A series of articles have been devoted to the development of new approaches to enhancing plant resistance to diseases. In particular, Kabashnikova et al. [19] article assesses the changes in chloroplast activity as a criterion for controlling plant immunity to fungal diseases. The reported data indicate that the state of chloroplasts in the tissues of barley leaves differs at different stages of development, and the response to fungal contamination differs primarily by the activity of PS II, the total content of ROS and polyphenols. The authors believe that these differences may be due to the interaction of signals of different origins, including the contribution of plastids associated with photosynthetic function and also, probably, hormonal signals.

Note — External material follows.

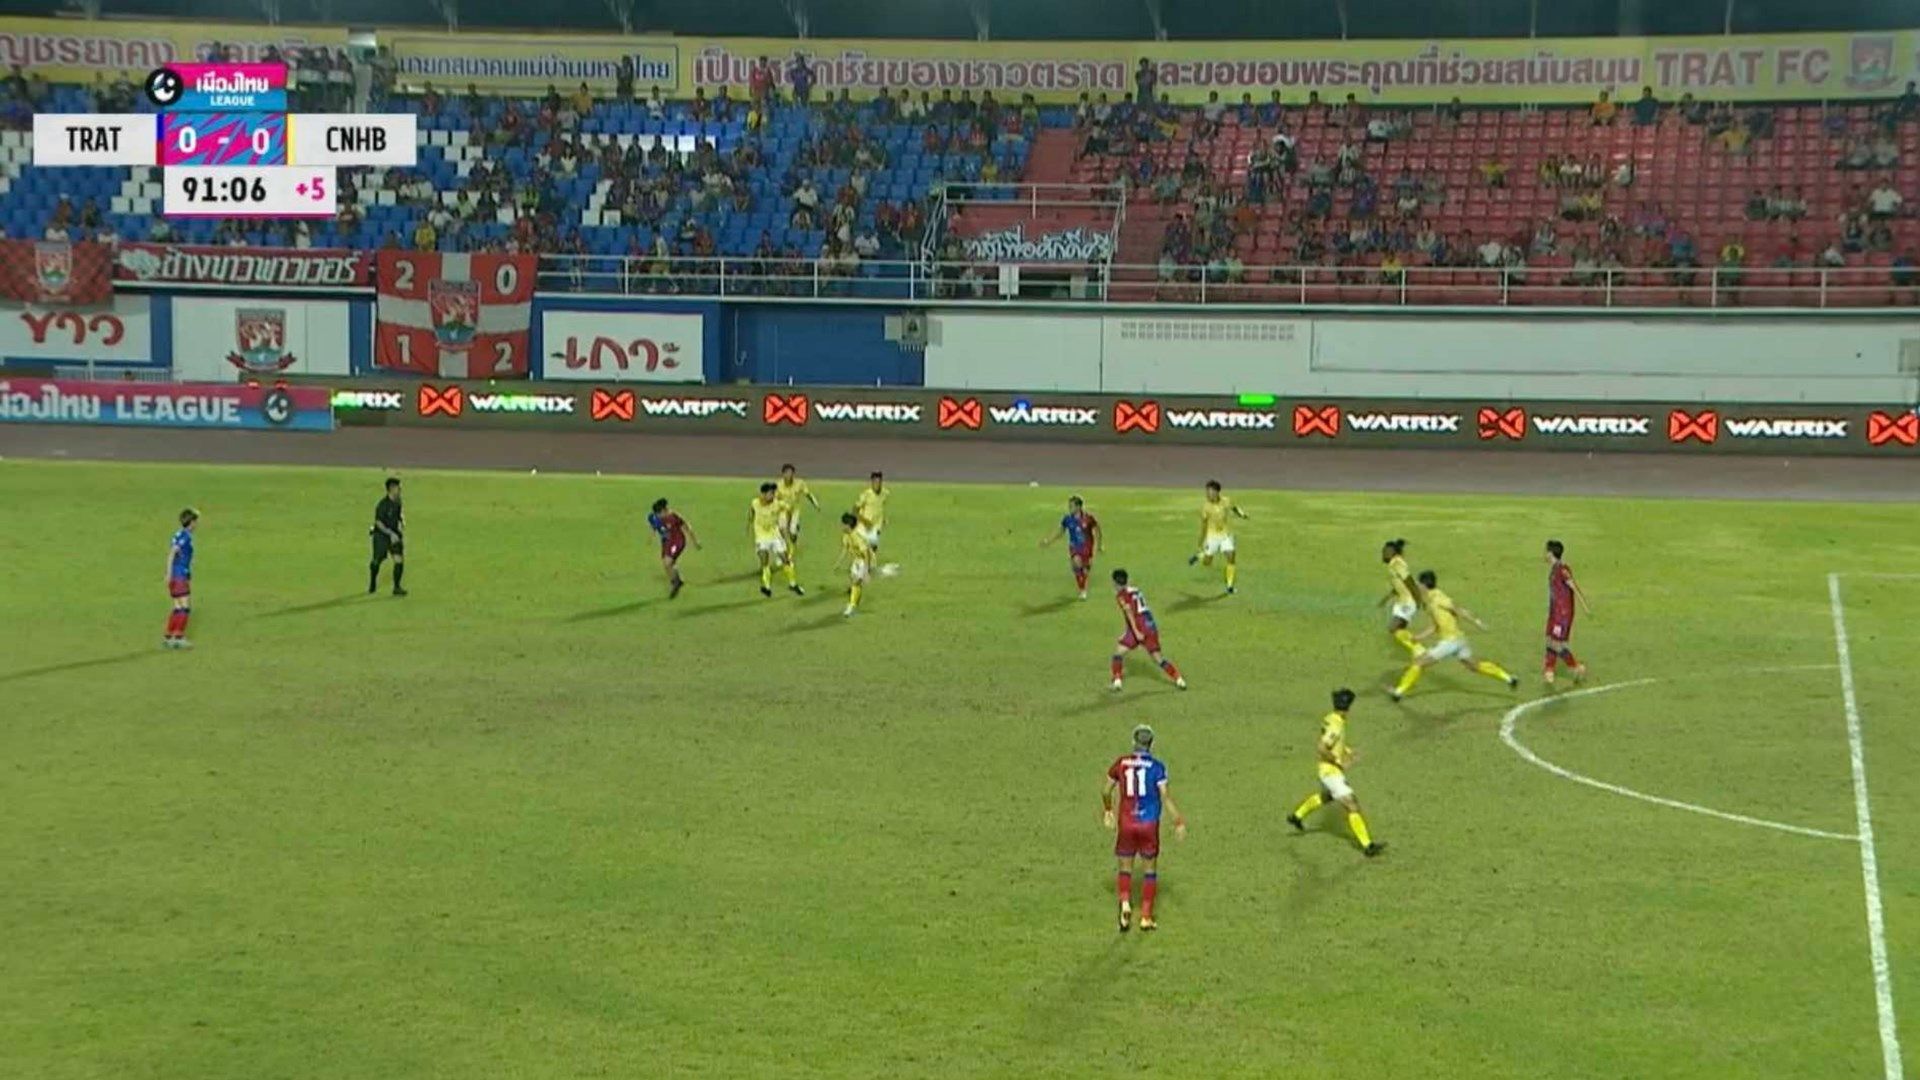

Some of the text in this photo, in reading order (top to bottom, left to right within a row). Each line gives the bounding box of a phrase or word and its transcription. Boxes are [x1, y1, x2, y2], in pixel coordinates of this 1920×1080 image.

Manzhalesava et al. [20] reviewed the results of the induction of plant resistance to fungal diseases using new brassinosteroid phytohormone derivatives – their conjugates with succinic acid. It has been shown that succinic acid enhances the protective effect of brassinosteroids on plants against fungal infection (Helminthosporium teres) when used as conjugates and in mechanical mixtures. The effect is the result of the combined cell-stimulating and fungistatic action of succinic acid and brassinosteroids and can be used to increase the resistance and productivity of spring barley plants.

Motsnyi et al. [21] assessed the phenotypic diversity of new introgressive wheat lines in terms of resistance to common diseases and drought. As a result of crosses and backcrosses of various primary sources of alien traits with modern wheat varieties, the authors obtained breeding introgressive lines with alien genetic complexes of disease resistance and high protein content. In particular, high long-term resistance to stem rust was noted mainly in derivatives of the H74/90-245 wheat line.

Radchenko et al. [22] studied the possibility of using DNA markers to identify genes of resistance of cereals to fungal diseases. Using the codominant marker cssfr5, based on detecting a polymorphic state of one of the exons of the Lr34/Yr18/Sr57/Pm38/Bdv1 gene, the Lr34(+) allele, conferring resistance to leaf rust, was found in 25% of the studied varieties. The matching results obtained with cssfr5 and csLV34 markers was 84.5%. The data obtained can be used in breeding programs to create breeding lines and new varieties resistant to leaf rust.

The review and original articles presented in the special issue will be of interest to physiologists, biochemists and molecular biologists dealing with plant resistance to stress, as well as to specialists in innovative developments in the field of plant growing.